EXILED PANTHER ASSATA SHAKUR WILL BE FETED AT 70!
On Sunday,
July 16th, a cross section of activists, artists and
humanitarians will come together to salute Assata Shakur, the long exiled Black
Panther who resides in Cuba to mark her 70th birthday.
The gathering is called ‘For
The Love Of Freedom: Assata Is Always Welcome Here-An Honoring of 70 Years of a
Committed Life.’
It will not be the usual maligning of
Shakur in connection with the bounty on her head that comes from the NJ State
Police, the FBI and the law enforcement community.
Instead, it will be an evening of poetry,
dance, song, testimony and more, appreciating the activist’s lifetime
commitment to the struggle for human dignity.
Shakur was born on July 16th, 1947 to a proud,
independent Black family from Wilmington, North Carolina. At the turn of the 20th
century, Wilmington was the site of a vicious ethnic cleansing attack that
literally ran legions of African Americans from the town. Shakur’s grandparents
dared to be landowning business persons against this violently segregated
background. It is from this background that would emerge her own commitment and
courage that she would take into the Black Panther Party as a college student.
When the Black Panther Party was faced
with the dangerous distinction of being labelled
the ‘greatest threat to the internal security’ of the country by the FBI, and
when NY chapters of the Party came under particular attack after surviving the
NY 21 case, a case where 21 Panthers,
officers and rank and file members were put on trial for bogus conspiracy
charges to commit terrorist acts, charges that would have landed them in prison
for the rest of their lives, Shakur and
a number of other Panthers opted to go underground and create the Black
Liberation Army to continue their fight.
On May 2, 1973, Shakur was shot and critically injured in an incident on
the NJ Turnpike that would capture international attention.
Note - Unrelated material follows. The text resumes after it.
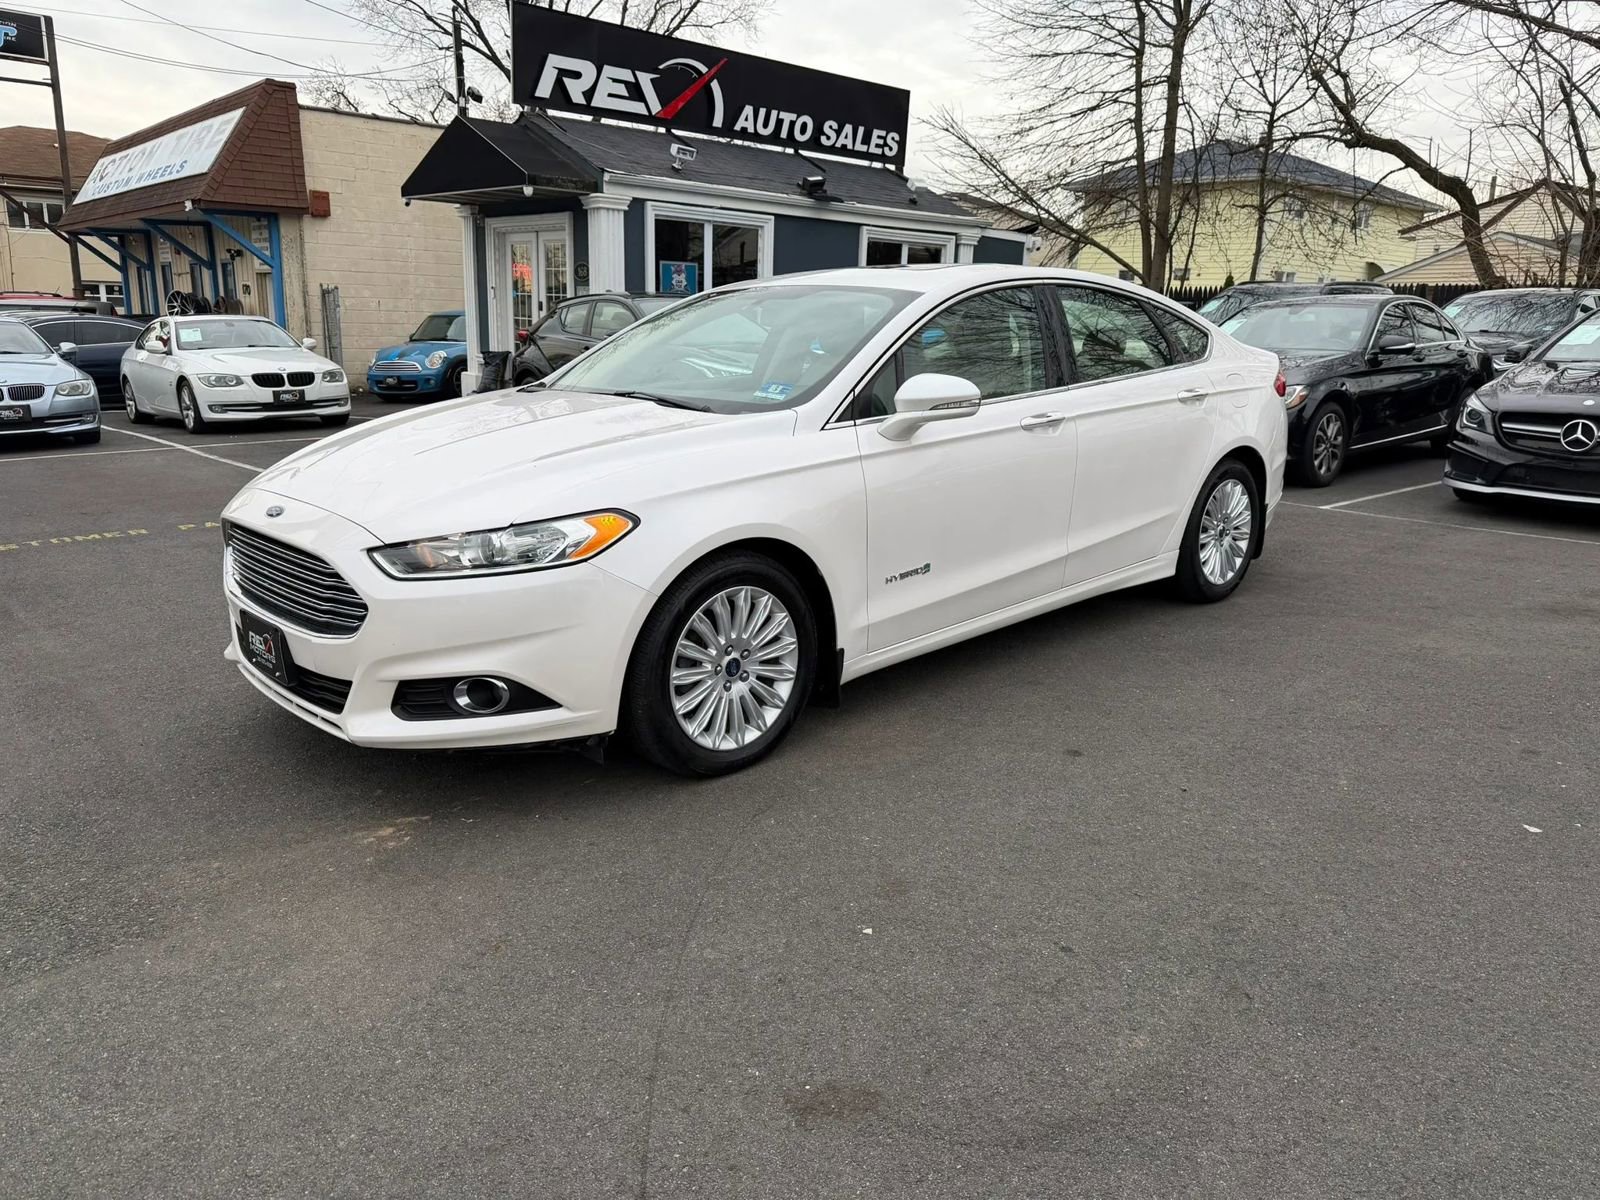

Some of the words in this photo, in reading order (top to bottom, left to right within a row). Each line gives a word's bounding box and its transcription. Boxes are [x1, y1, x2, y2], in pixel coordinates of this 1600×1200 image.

It is often
referred to as the ‘Turnpike Incident,’ an apparent racial profiling stop by a NJ
State Trooper. The incident left Shakur critically wounded, Zayd Shakur, the
apparent driver dead and Trooper Werner Foerster dead. At her trial, forensic evidence clearly
established that Shakur was shot with her hands up, and that the Trooper who
made the stop, James Harper, by his own admission, started the shooting and
fled the scene. Yet Shakur and her co-defendant Sundiata Acoli, now 80 and
still incarcerated, were each given sentences of life plus thirty years, after
being convicted for the murder of Trooper Foerster. On November 2, 1979, Shakur was liberated from what was then the
Clinton Correctional Facility in one of the most incredible moments in the
history of the Black Liberation Movement after enduring threats on her life
while in prison. She was since given exile in Cuba. She currently has a 2
million dollar bounty for her capture and was put on the FBI’s Domestic
Terrorist List retroactively several years ago.
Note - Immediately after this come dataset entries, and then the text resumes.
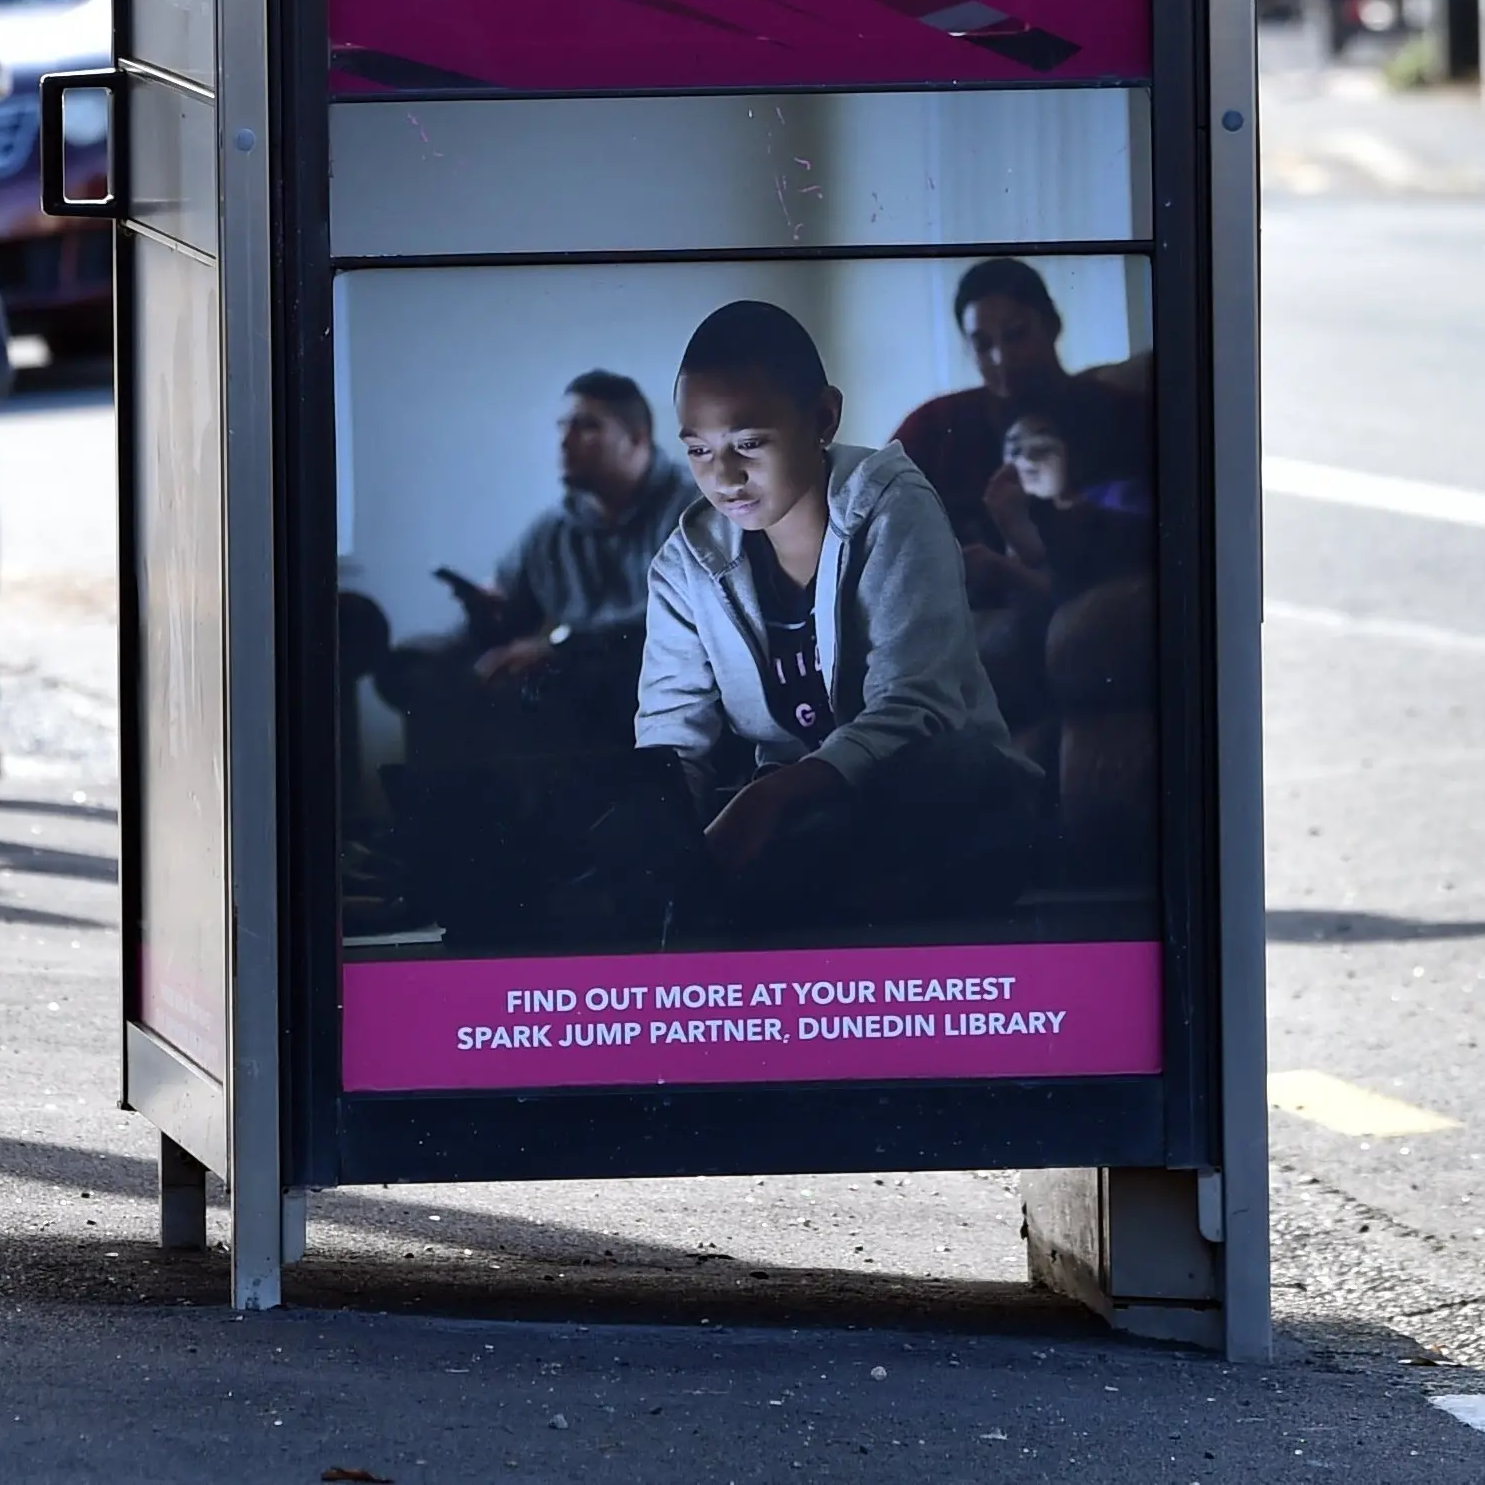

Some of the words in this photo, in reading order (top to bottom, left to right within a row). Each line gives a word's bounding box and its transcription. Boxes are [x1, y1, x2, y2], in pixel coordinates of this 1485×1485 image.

[506, 989, 577, 1013] FIND
[585, 987, 648, 1011] OUT
[655, 984, 743, 1009] MORE
[750, 982, 787, 1006] AT
[792, 980, 876, 1005] YOUR
[884, 977, 1016, 1003] NEAREST
[457, 1024, 552, 1050] SPARK
[558, 1022, 642, 1047] JUMP
[798, 1014, 935, 1040] DUNEDIN
[944, 1010, 1067, 1037] LIBRARY
Meanwhile, supporters of Shakur, and
many others in the human rights community believe that cases like hers should
be reopened in a context of a Truth And Reconciliation Commission that takes on
how racism drove police violence and repression during that period, a framework
comparable to what emerged in South Africa on their road to dismantling
Apartheid.
In 1987, Shakur penned a moving memoir
of her life story, Assata:An Autobiography. She has lent her voice to other
humanitarian efforts and to the support many other of her comrades from the
Black Panther Party who are still in prison as a result of the now well-known
COINTELPRO Operations that were empanelled to destroy the Party and other
important Black leaders. She is the subject of a moving film Eyes
Of The Rainbow done by critically acclaimed filmmaker Afro-Cuban
filmmaker Gloria Rolando Ocasio. While murderously maligned by mainstream press
and racist and opportunist politicians, she is considered a miraculous
surviving link to the Underground Railroad legacy of her ancestors.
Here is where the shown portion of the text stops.